The National Indian Gaming Association was founded in 1985 at the birth of modern Indian gaming to provide public policy resources, training and advocacy for American Indian tribes. It is the leading gaming organization for Indian Country, promoting awareness of the ways in which Indian nations and their gaming enterprises support cultural restoration and economic development.


NIGA also operates the Spirit of Sovereignty Foundation, which raised scholarship money earlier in the week through golf tournaments sponsored by the Barona Creek Gold Club, and the Oak Glen and Willow Glen Courses at Sycuan.


During the reception NIGA acknowledged three donations to the Spirit of Sovereignty Foundation totaling $35,000. The donations came from the Minnesota-based Klas Robinson Q.E.D., which gave $5,000; the Washington, D.C.-based Holland & Knight, which received $8,000; and the Sovereignty Golf Tournament, which contributed $22,000.


NIGA also recognized Nike's N7 Fund for its leadership in providing grants and product donations to community-based organizations that seek to unleash the potential of American Indian and aboriginal youth through sports.
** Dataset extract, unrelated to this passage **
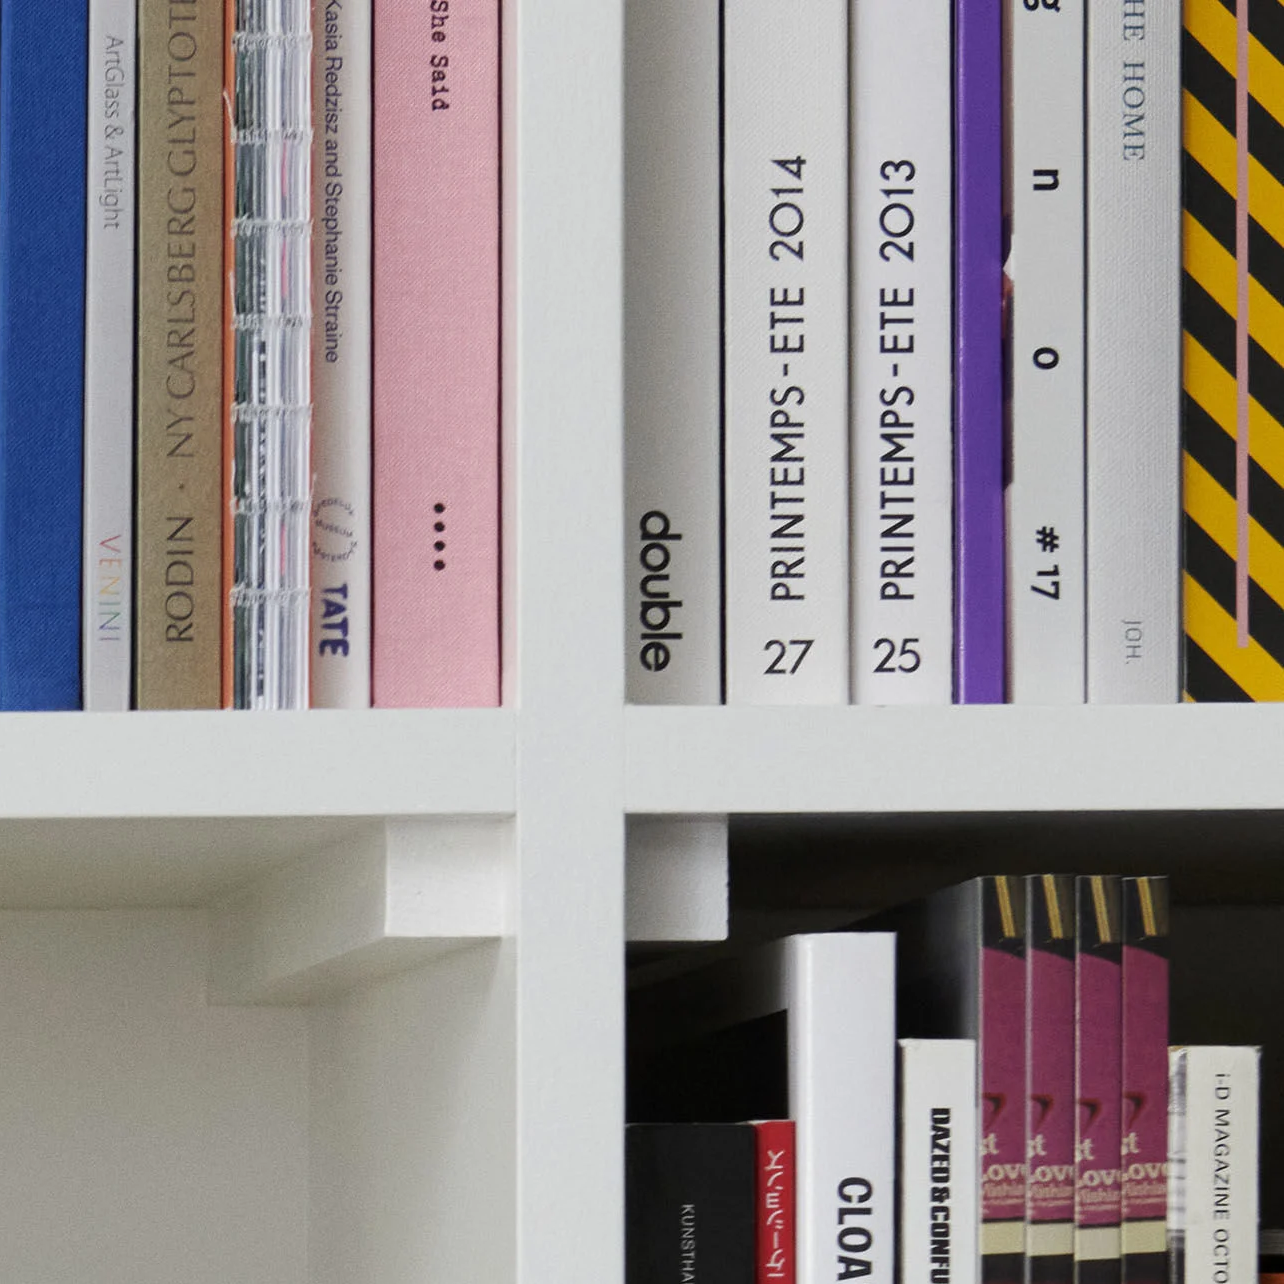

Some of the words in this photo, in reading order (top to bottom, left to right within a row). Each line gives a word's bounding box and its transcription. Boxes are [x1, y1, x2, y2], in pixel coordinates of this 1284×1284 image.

Nike launched the fund when it introduced the N7 athletic shoe, which is specially designed to fit American Indian feet. Sam McCracken, the general manager of Nike Native American Business, announced the donation of $25,000 to the California-based Inter-Tribal Sports.


Other organizations that receive some of  the N7 Fund's annual donations are the Native American Basketball Invitation Foundation, the Notah Begay III Foundation for its Youth Soccer Program and Yellow Bird Inc. for the Fort Robinson Outbreak Spiritual Run. 


"What a difference an opportunity to help to change a life of someone young or old," declared N7 Fund board member Tex Hall, of the Mandan, Hidatsa and Arikara Nation.  He said that the N7 Fund helps fill funding gaps in Indian Country. "When we served in Washington, we had to make very difficult budget decision. Do we want to fund diabetes prevention, or youth sports?"


These decisions shouldn't have to be made, said Ernie Stevens, Jr. That is why the National Indian Gaming Association supports Indian gaming as a means to the self sufficiency of Indian nations.


"We can't do what we need to do in this industry if we don't stand united as Indian nations," Stevens said. "We are celebrating 25 years of the National Indian Gaming Association, and what we are celebrating is our unity of vision in building the Indian gaming industry, and our commitment to making our Indian nations better places for our future generations."